Um Ventile zum Durchlassen einer bestimmten Wassermenge einzurichten, aus denselben bei kalter Witterung eine kleine Wassermenge behufs Vermeidung des Einfrierens ausflieſsen zu lassen und den Ventilsitz nach Belieben herausnehmen und auswechseln zu können, gibt Aug. Wilh. Diez in München (* D. R. P. Nr. 33244 vom 12. April 1885) die in Fig. 9 Taf. 27 dargestellte Einrichtung an. Der Durchgang des Wassers durch das Ventil wird dadurch ermöglicht, daſs im oberen Theile des Ventilstockes a mehrere in einem Punkte sich vereinigende Kanäle c angebracht werden, welche dem Wasser den Austritt gestatten. Zur Regelung des Wasserdurchflusses dient der Ring f, welcher auſserhalb der Kanäle c auf einem Gewinde liegt und die gleichen Oeffnungen besitzt. Um das Einfrieren der Leitung zu verhüten, ist der Kanal h im Ventilstocke a angebracht, welcher dem Wasser den Ausfluſs durch die Schraube b gestattet. Auch dieser Kanal h kann mittels des zweiten Ringes k geöffnet oder geschlossen werden.

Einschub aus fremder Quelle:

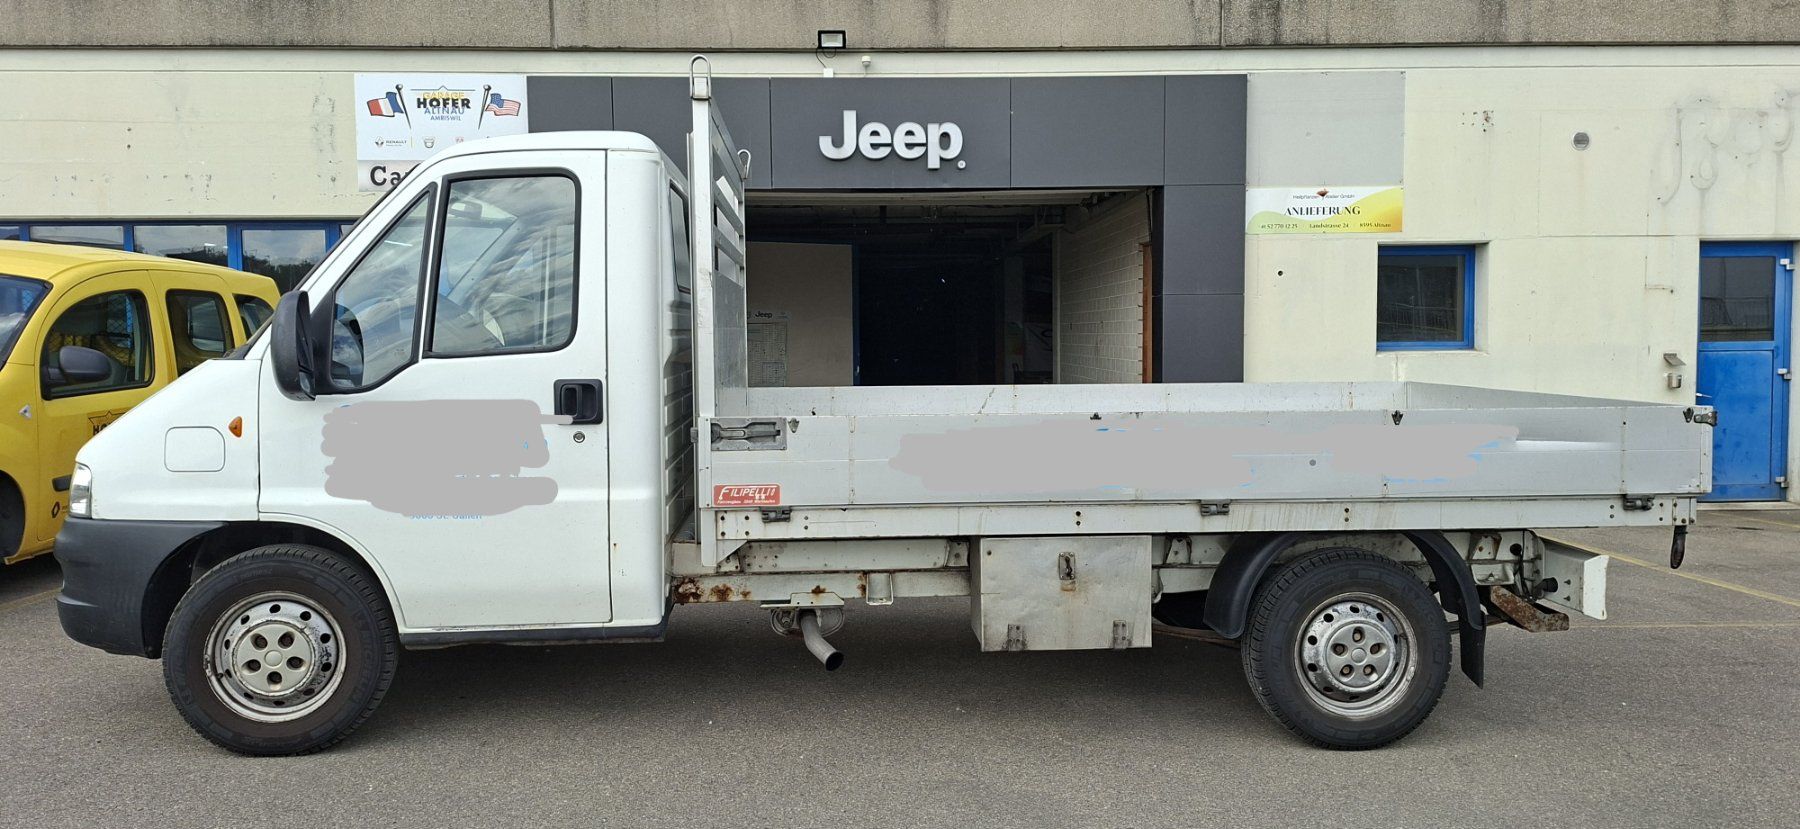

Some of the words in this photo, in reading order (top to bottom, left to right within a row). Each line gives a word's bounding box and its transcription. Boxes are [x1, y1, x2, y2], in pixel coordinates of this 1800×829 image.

[416, 98, 471, 109] HOFER
[424, 107, 465, 115] ALTNAU
[818, 109, 964, 169] Jeep
[1284, 206, 1361, 216] ANLIEFERUNG
[754, 310, 773, 319] Jeep
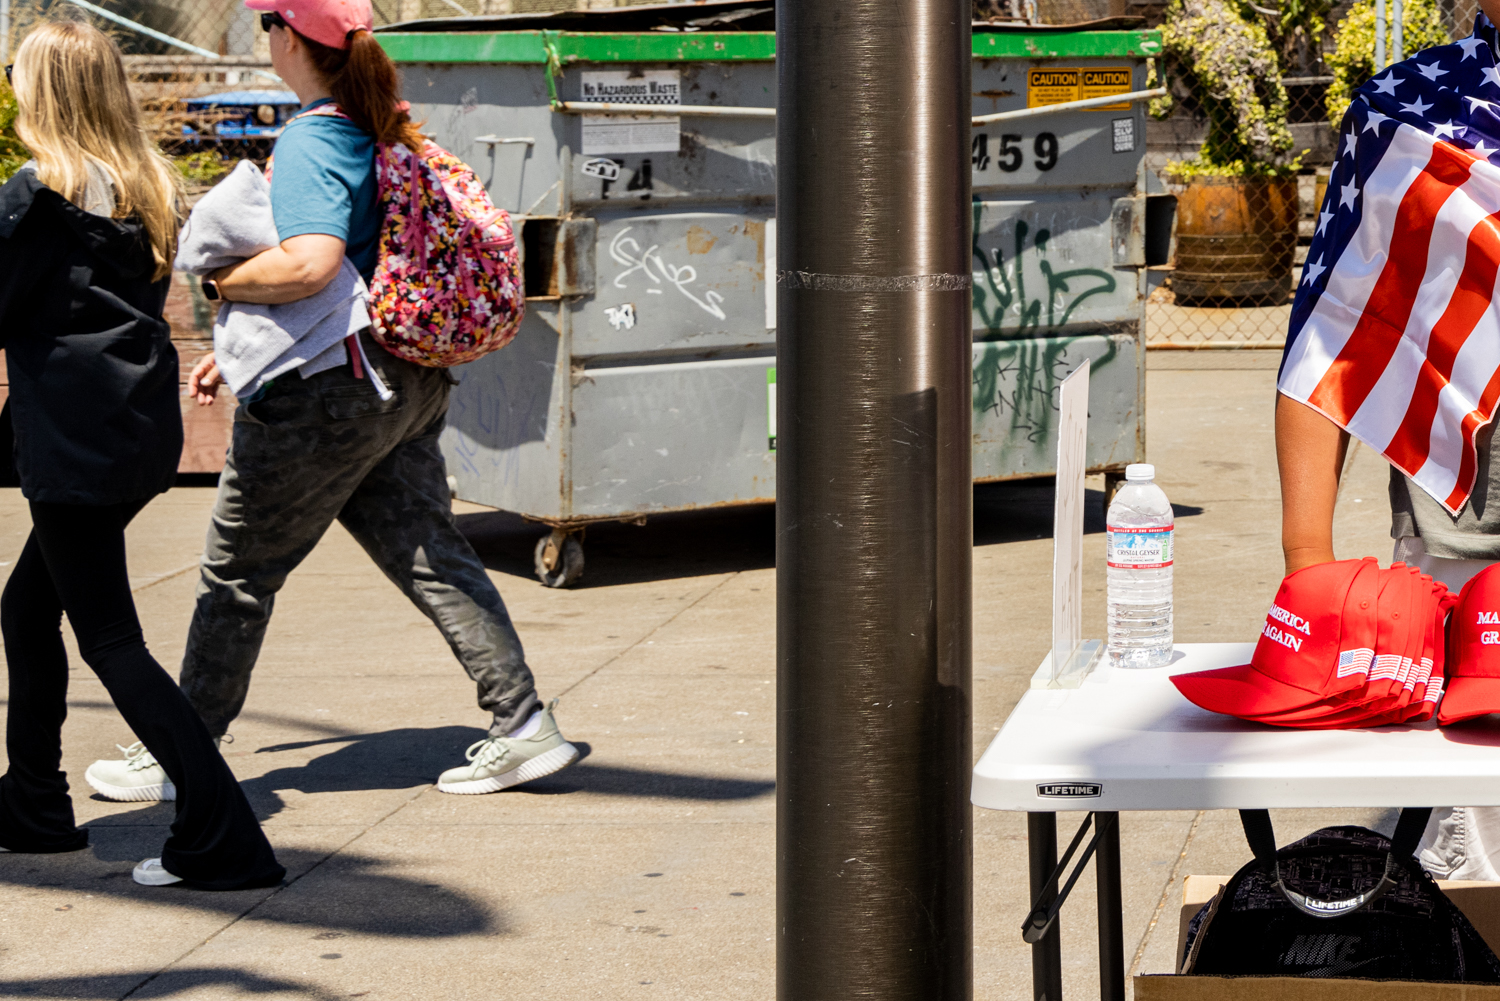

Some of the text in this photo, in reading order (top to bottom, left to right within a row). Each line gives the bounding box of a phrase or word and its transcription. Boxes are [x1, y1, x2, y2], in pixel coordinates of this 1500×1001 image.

[1032, 74, 1076, 85] CAUTION
[1085, 73, 1128, 85] CAUTION
[1264, 624, 1303, 652] AGAIN
[1045, 786, 1093, 794] LIFETIME
[1311, 898, 1357, 909] LIFETIME
[1284, 934, 1361, 965] NIKE
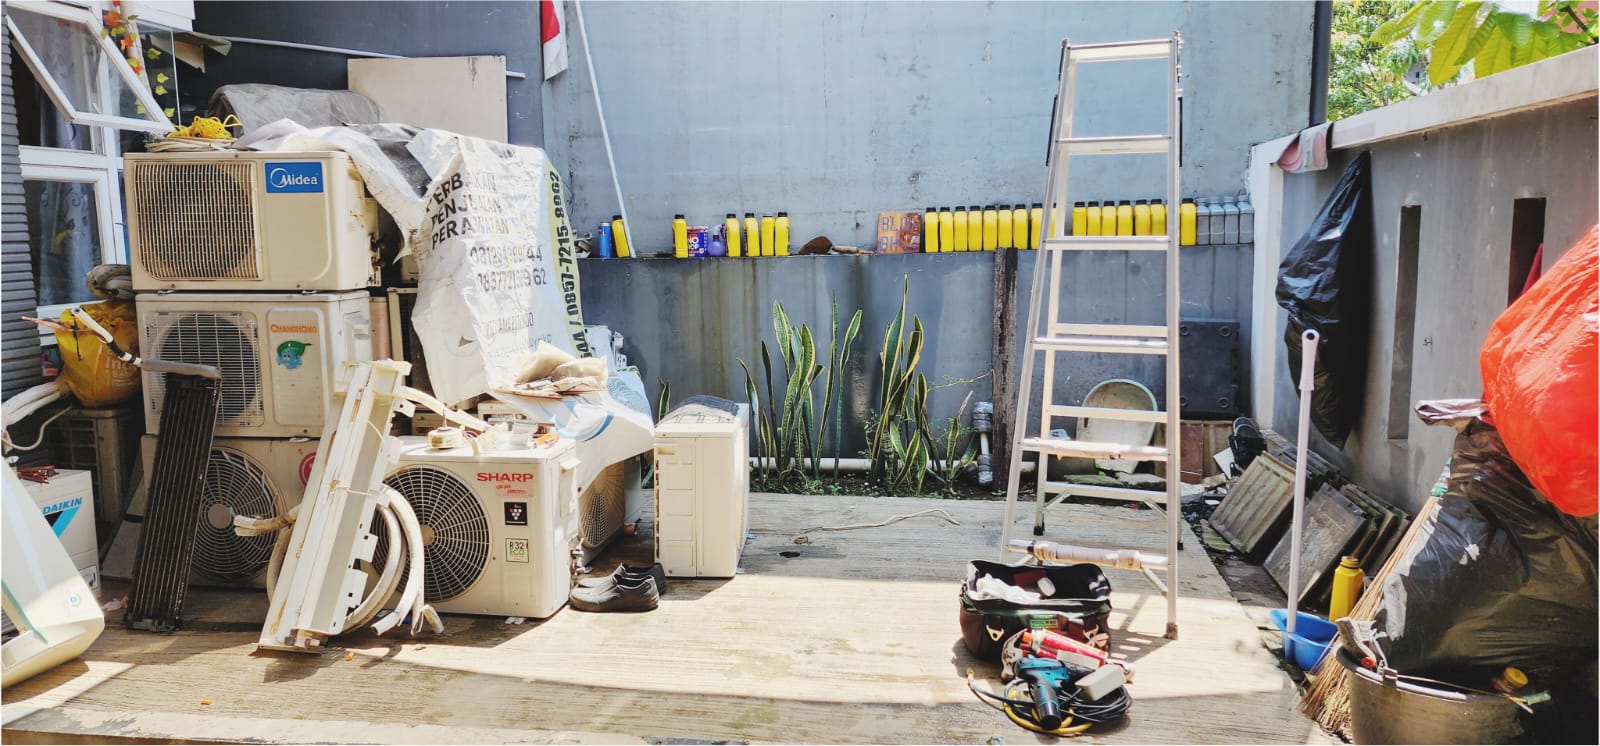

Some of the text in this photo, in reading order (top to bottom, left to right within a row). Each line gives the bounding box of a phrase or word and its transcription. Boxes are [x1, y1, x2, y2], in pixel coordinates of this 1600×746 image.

[274, 171, 318, 187] Midea
[476, 472, 534, 483] SHARP
[42, 497, 83, 515] DAIKIN
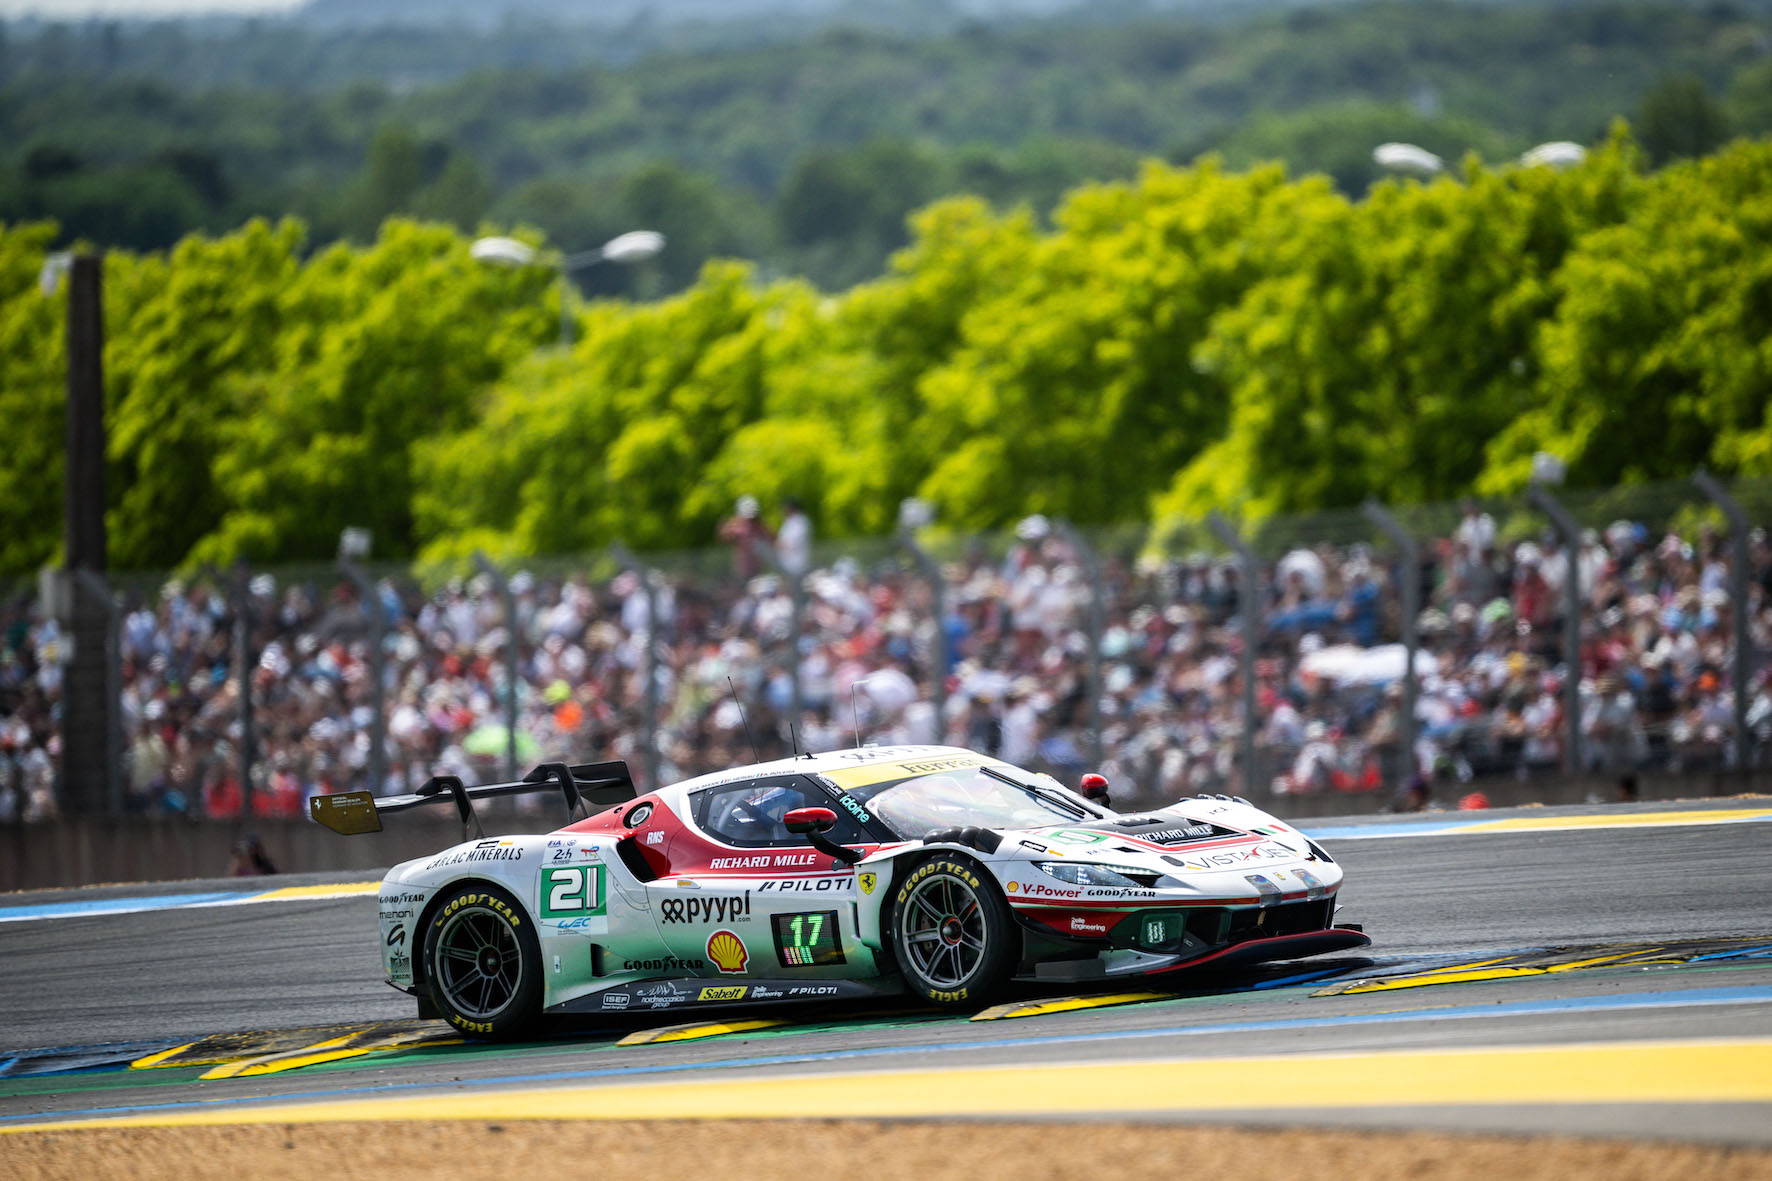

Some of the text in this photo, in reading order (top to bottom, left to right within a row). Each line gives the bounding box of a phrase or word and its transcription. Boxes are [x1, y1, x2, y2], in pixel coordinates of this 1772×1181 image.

[839, 794, 870, 823] idoine
[647, 831, 665, 845] RNS
[1186, 825, 1213, 836] MILLE
[426, 848, 524, 870] CARLAC MINERALS
[710, 854, 816, 869] RICHARD MILLE
[906, 861, 980, 889] GOODYEAR
[549, 866, 598, 911] 21
[779, 878, 853, 892] PILOTI
[379, 892, 425, 904] GOODYEAR
[1087, 888, 1156, 898] GOODYEAR
[444, 893, 520, 927] GOODYEAR
[686, 889, 750, 923] pyypl
[557, 917, 591, 929] WEC
[789, 914, 823, 947] 17
[1071, 922, 1106, 932] Engineering
[624, 955, 704, 972] GOODYEAR
[703, 988, 742, 999] Sabelt
[800, 987, 837, 995] PILOTI
[928, 987, 969, 1002] EAGLE
[605, 995, 628, 1003] ISEF
[452, 1014, 494, 1033] EAGLE
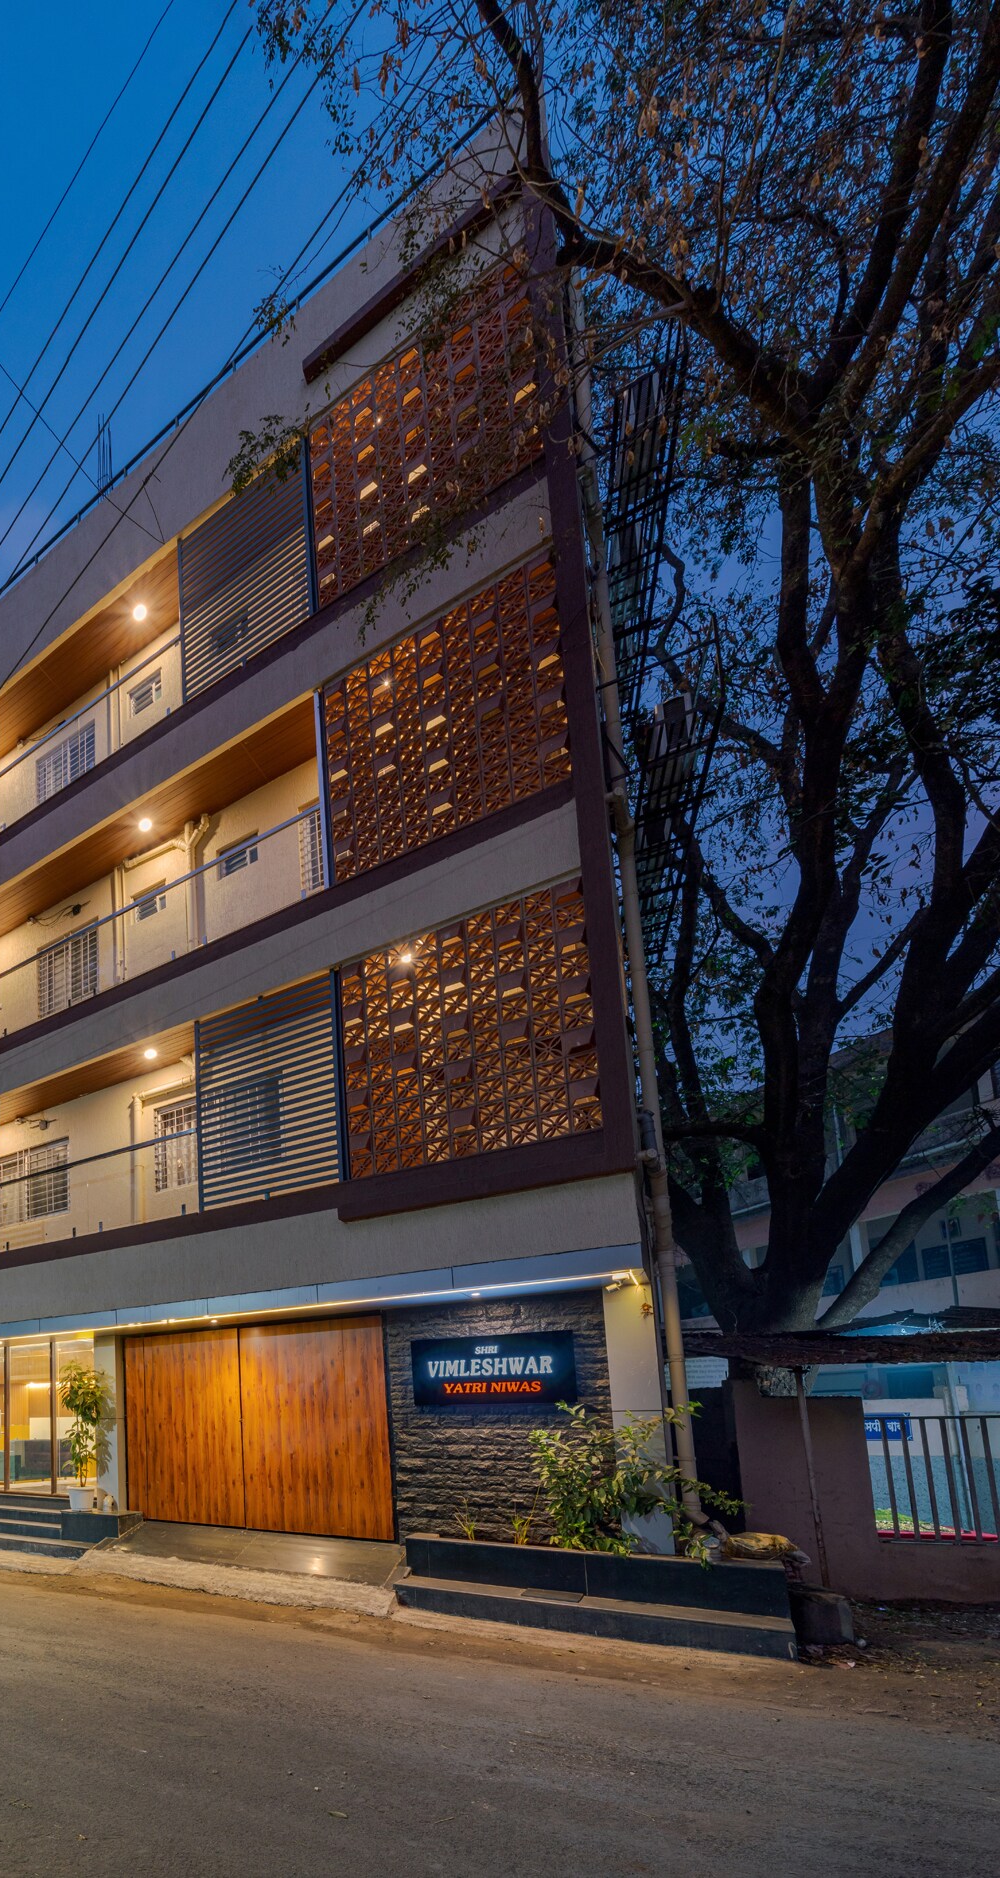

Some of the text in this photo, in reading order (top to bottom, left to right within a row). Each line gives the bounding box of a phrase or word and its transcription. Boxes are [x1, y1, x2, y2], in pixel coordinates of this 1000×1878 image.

[474, 1345, 498, 1355] SHRI
[427, 1355, 553, 1378] VIMLESHWAR
[444, 1381, 542, 1393] YATRI NIWAS

Behufs Herausnahme des Ventilsitzes aus dem Gehäuse ist der Ventilsitz in den Ventilstock a eingeschraubt. Der Sitz kann aber auch an den Ventilstock a angegossen bezieh. Sitz und Ventilstock a können aus einem Stücke hergestellt sein. Sind nun irgend welche Ausbesserungen nöthig, so wird, ohne daſs das Ventil abgenommen zu werden braucht, der Ventilstock herausgenommen und es kann eine neue Sitzfläche durch Abfräsen hergestellt, oder es können neue Theile eingesetzt, eingelöthet oder aufgeschraubt werden.

Alex. Kaiser in Freiburg, Schweiz (* D. R. P. Nr. 34340 vom 14. August 1884) hat einen Apparat für beschränkte Entnahme von Flüssigkeilen aus Leitungen angegeben. Ueberschreitet nämlich die Wasserentnahme die festgesetzte Grenze, so wird die Leitung selbstthätig abgestellt. Zur Wiedereröffnung der Leitung ist dann die Umstellung eines besonderen Hahnes erforderlich. Der Apparat, welcher im Anfange der Leitung, bei Hauswasserleitungen also hinter dem Haupthahne eingeschaltet wird, besteht aus einem Gehäuse mit zwei Abtheilungen A und a (Fig. 8 Taf. 27). Beide sind durch eine elastische Wand B gegen einander abgeschlossen und stehen nur in Verbindung durch das Umgangsrohr K und ein mit der kleinen Oeffnung D versehenes Röhrchen. Mit der Wand B ist ein Ventil C verbunden, welches sich entweder gegen einen unteren, oder gegen einen oberen Sitz legt.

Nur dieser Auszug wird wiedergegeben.